Mohamad E. Allaf, MD, reviews current literature on the role of neoadjuvant and adjuvant immunotherapy in treating localized renal cell carcinoma (RCC). He begins by establishing that surgical monotherapy fails to cure a significant proportion of patients with “localized” RCC thanks to micrometastatic disease.

Dr. Allaf then discusses how the inclusion of neoadjuvant therapies reduces the size of the tumor, controls potential metastases at the earliest point, and provides a litmus test for how appropriate it would be to treat the patient with surgical monotherapy. He also addresses adjuvant therapies, which can lower the likelihood of recurrence, and prolong patient survival. He acknowledges that older studies of adjuvant Tyrosine Kinase Inhibitor (TKI) therapy for RCC were negative, resulting in high toxicity and low effectiveness in treatment.

Dr. Allaf compares the performance of recent neoadjuvant checkpoint inhibitors in the metastatic setting to the current standard of care, demonstrating that the durability of disease response continued even after the discontinuation of the therapy. He then explores the rationale and early results supporting the administration of neoadjuvant therapy in localized RCC, and how they laid the groundwork for the PROSPER trial.

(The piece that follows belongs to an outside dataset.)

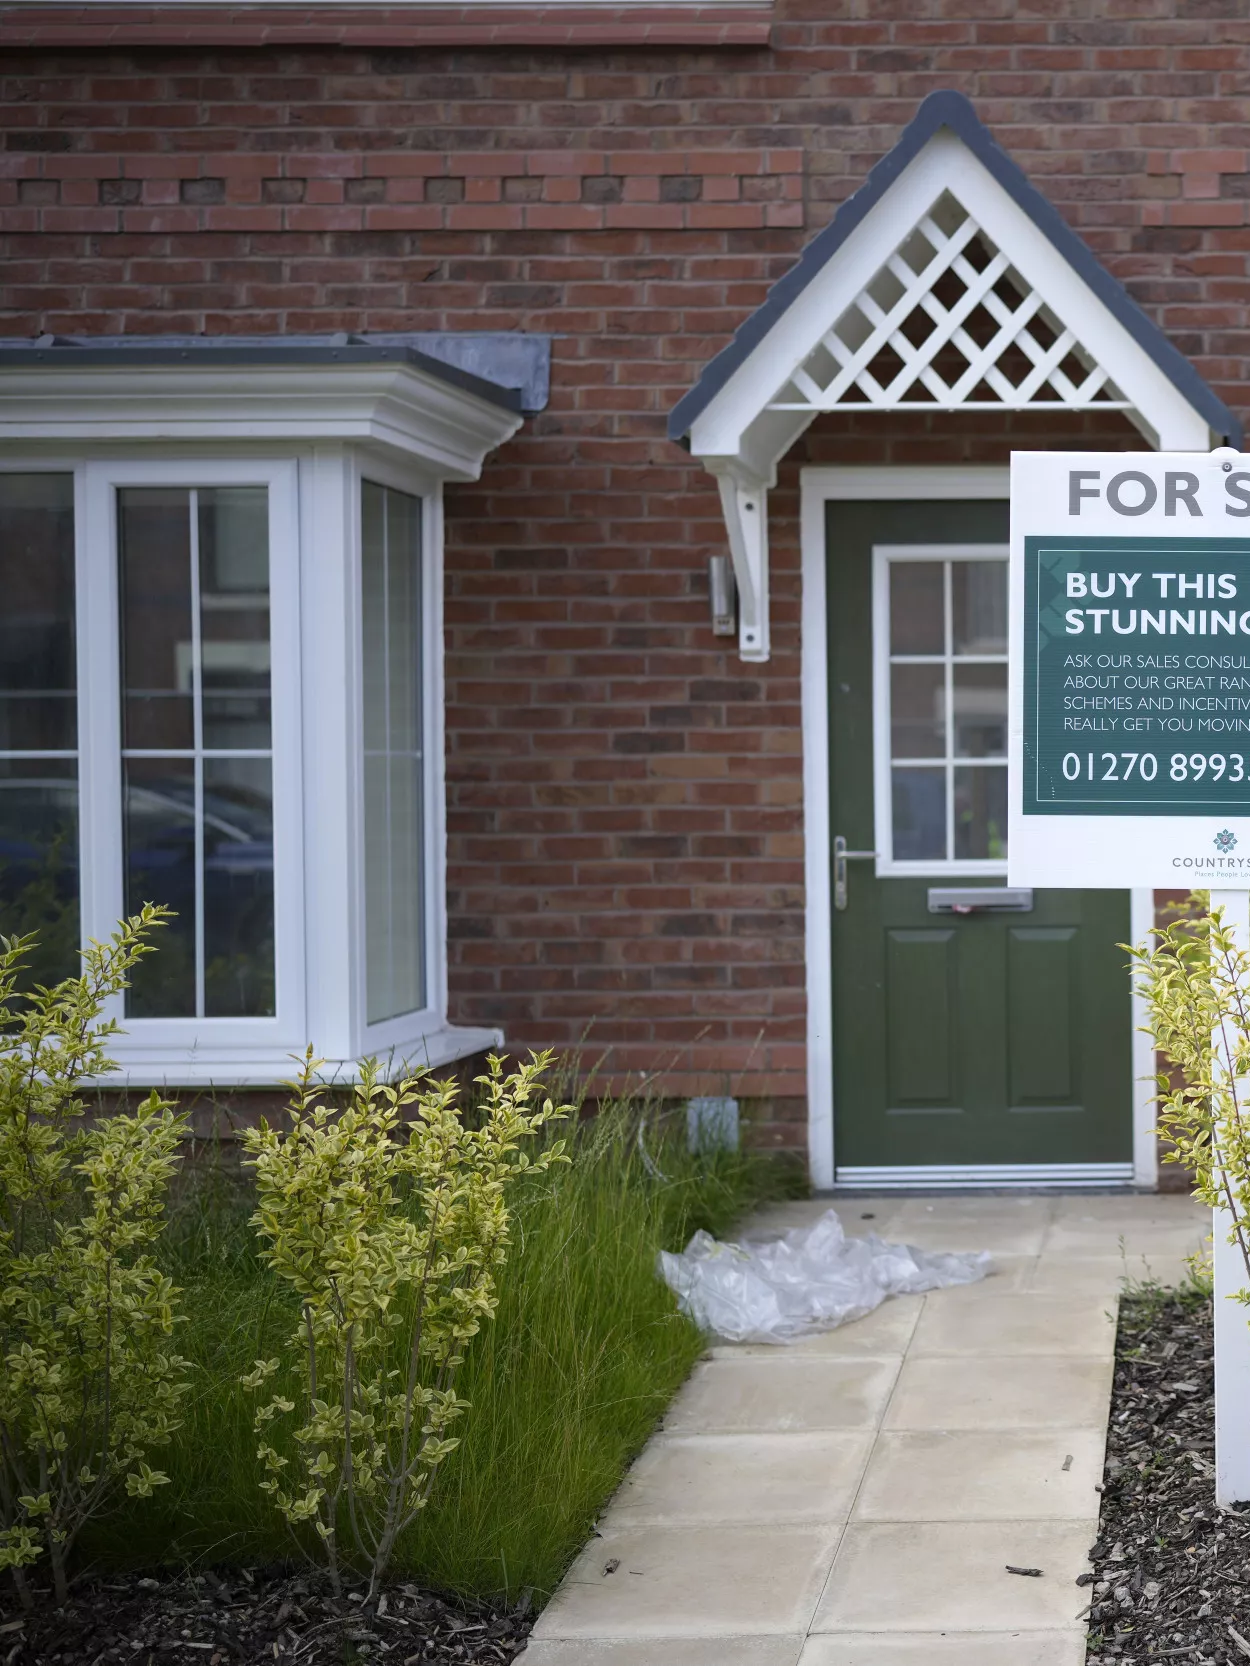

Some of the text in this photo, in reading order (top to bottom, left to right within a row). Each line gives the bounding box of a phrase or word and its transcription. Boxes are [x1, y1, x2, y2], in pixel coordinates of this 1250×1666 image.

The PROSPER trial was a Phase III international, randomized trial which examined the effect of a single dose of neoadjuvant checkpoint inhibitors 7-28 days before partial or radical nephrectomy. He presents the study design, the cohort composition, and the results, which did not support the use of neoadjuvant therapy for RCC patients.

Dr. Allaf concludes by presenting multiple recent studies supporting the use of adjuvant therapy for intermediate-high-risk and high-risk RCC patients. While adjuvant therapy has been approved for use by the FDA, additional trials and investigations are still needed to advance the field.